Banks and incubators: complementary to the service of startups

By Dorothée Julliand, Director of WAI by BNP Paribas and Matthieu Somekh, Director of ZEBOX, startup incubator & accelerator founded by Rodolphe Saadé, CEO of CMA CGM

The complementarity between banks and incubators is a plus for start-ups and makes it possible to prepare the relaunch.

In the current unprecedented crisis, banks are proving to be a powerful lever to mitigate the impact and prepare for the recovery. In fact, the economic crisis linked to the Covid-19 epidemic has reminded us of the essential role that banks play for startups. Banks were the pillar of the State Guaranteed Loan (PGE) launched by the government and coordinated by Bpifrance. An overwhelming number of businesses, including startups, have turned to them to obtain this loan, with 115 billion euros having been distributed to more than 550,000 companies of all sizes.[1] In this financial transaction, guaranteed in large part by the French Government, it is the bank that performs the analysis, lends the funds and, ultimately, takes on some of the risk.  Without the bank, there would be no PGE, making it far more difficult for startups to fulfill their destiny. This critical role of banks is nothing new. Beyond just opening accounts and agreeing lines of credit, banks play a major role in the entrepreneurial ecosystem and constitute an essential link in the entire value chain.

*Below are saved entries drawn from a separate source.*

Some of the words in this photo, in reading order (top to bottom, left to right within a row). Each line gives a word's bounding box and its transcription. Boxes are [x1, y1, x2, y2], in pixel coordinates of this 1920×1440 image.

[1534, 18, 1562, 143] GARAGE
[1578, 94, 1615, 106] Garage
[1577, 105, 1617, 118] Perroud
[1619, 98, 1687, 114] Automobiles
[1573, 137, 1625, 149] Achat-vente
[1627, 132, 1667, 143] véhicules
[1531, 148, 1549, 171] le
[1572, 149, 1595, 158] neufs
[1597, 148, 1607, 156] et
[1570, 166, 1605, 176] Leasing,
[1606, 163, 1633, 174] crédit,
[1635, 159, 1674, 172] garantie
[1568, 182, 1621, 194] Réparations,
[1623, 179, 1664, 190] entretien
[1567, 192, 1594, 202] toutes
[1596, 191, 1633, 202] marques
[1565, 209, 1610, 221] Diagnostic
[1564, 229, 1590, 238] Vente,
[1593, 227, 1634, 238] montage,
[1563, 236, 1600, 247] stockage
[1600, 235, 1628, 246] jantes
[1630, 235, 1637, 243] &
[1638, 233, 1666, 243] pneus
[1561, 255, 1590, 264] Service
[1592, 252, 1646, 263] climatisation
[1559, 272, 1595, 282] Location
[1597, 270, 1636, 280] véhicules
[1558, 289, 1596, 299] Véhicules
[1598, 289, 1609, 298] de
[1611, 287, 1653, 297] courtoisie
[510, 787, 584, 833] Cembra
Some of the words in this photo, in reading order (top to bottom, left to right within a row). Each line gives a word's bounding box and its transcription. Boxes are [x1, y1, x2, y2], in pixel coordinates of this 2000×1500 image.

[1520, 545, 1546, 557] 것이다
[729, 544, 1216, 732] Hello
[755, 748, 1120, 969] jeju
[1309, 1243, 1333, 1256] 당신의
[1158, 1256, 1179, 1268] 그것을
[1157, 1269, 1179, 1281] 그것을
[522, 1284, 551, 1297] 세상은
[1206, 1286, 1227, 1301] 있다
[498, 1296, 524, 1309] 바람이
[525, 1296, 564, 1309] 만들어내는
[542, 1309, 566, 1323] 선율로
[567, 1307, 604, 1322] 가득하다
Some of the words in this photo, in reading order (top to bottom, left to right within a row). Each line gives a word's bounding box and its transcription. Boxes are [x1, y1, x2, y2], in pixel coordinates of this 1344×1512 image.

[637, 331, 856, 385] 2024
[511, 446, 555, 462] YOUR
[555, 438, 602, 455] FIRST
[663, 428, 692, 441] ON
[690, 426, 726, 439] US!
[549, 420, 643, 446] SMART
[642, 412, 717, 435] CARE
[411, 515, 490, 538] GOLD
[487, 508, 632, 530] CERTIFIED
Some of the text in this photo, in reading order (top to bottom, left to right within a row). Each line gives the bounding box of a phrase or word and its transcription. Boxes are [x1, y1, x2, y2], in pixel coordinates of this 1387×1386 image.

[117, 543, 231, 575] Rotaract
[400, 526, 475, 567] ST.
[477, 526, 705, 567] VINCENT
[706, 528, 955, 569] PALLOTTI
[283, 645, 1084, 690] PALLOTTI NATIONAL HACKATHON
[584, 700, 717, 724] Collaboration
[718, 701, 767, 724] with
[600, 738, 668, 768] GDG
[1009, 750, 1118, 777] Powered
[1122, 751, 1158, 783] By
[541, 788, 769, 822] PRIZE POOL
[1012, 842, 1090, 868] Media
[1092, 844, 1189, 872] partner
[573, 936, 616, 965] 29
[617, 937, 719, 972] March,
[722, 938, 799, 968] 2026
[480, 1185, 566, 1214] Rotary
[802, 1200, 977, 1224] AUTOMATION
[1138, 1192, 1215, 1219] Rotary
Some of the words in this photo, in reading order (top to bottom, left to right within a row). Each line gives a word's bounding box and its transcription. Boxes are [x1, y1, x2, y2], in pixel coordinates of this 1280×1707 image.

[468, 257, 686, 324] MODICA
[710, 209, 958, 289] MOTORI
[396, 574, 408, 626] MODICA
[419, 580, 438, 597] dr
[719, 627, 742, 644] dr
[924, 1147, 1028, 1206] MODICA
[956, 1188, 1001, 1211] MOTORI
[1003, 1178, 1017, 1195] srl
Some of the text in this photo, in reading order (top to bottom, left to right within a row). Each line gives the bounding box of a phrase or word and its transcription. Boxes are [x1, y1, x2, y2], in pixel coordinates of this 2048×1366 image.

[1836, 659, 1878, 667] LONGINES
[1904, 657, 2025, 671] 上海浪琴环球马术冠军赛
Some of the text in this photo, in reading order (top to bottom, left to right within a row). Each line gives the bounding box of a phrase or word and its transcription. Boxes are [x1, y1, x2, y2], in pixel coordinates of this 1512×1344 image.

Incubators help startups to move from the idea stage to maturation and materialization of their project. Very early on, they provide a link between the startups they support and the key players to help them develop, experiment, and present their project to the market. They allow startups to get through the initial stages of their development by supporting them on a daily basis, in marketing, commercial, HR and legal matters. By physically hosting startups, the incubator also provides them with the environment, services and tools essential to their growth, as well as networking with large groups, investors, research laboratories and other complementary startups.

Multi-level synergies

While the incubator intervenes in the upstream phase, the bank is more present the next phase, when the startup has a solution in an advanced state of development. Its need for contact with major accounts changes to market that solution, which is now robust and in the industrialization phase. The role of the bank will be to “connect for launch”. A natural trusted third party, the bank is in fact able to mobilize its network of client businesses, mid-sized companies and large conglomerates in search of innovative solutions, to organize meetings and give startups the chance to present their products.

It’s a win-win-win approach: the startup, previously selected by the bank, thus has access to interesting commercial leads, the large group meets quality startups, and the bank thus strengthens its relationship with both parties, through taking a different avenue from its usual banking activities. The complementarity between incubators and banks is therefore very strong, and their networks are interdependent.

In some cases, banks – being themselves large companies in a sector undergoing transformation that is in search of innovation – turn out to be potential clients and partners of startups. This is particularly true in the field of Fintech, e-commerce, or even in trade finance where supply chain and logistics are paramount. For several years, banks have dedicated teams to innovation and have increased interactions with startups. Startups, by nature, develop new services and are looking for partners to allow them to consolidate their expertise in “payment,” while also allowing them to present an innovative, reliable and robust offer to very demanding customers who need to be “reassured” when there is a financial dimension.

The support offered by the incubator to startups includes help for them to structure their non-dilutive financing plan (aid and subsidies, unsecured loans, etc.). Startups also need to find dilutive funding fairly quickly – sometimes in love money at first, although this often occurs when they join the incubator and then from business angels and venture capital funds. Most entrepreneur-focussed banks are involved as LPs (limited partners), in a number of seed or venture capital funds, or have their own investment capacities with dedicated venture capital teams. This makes them an ideal additional support for startups, in close partnership with the incubator.

Committed stakeholders, integral parts of a global ecosystem

As we can see, banks are stakeholders committed to the entrepreneur and the startup, going far beyond their role as mere bankers. In collaboration with incubators, they have the ability to create connections with other stakeholders in the innovation ecosystem, as well as between startups and large groups, in a dynamic of experimentation and collaborative development. They also have – thanks to the rich and varied ecosystem of which they are part – the ability to support entrepreneurs during seed operations, series A, B or C or even Growth Equity. By continuing to work together, banks and incubators will support startups to foster economic recovery and pursue the entrepreneurial dynamic necessary for growth and innovation.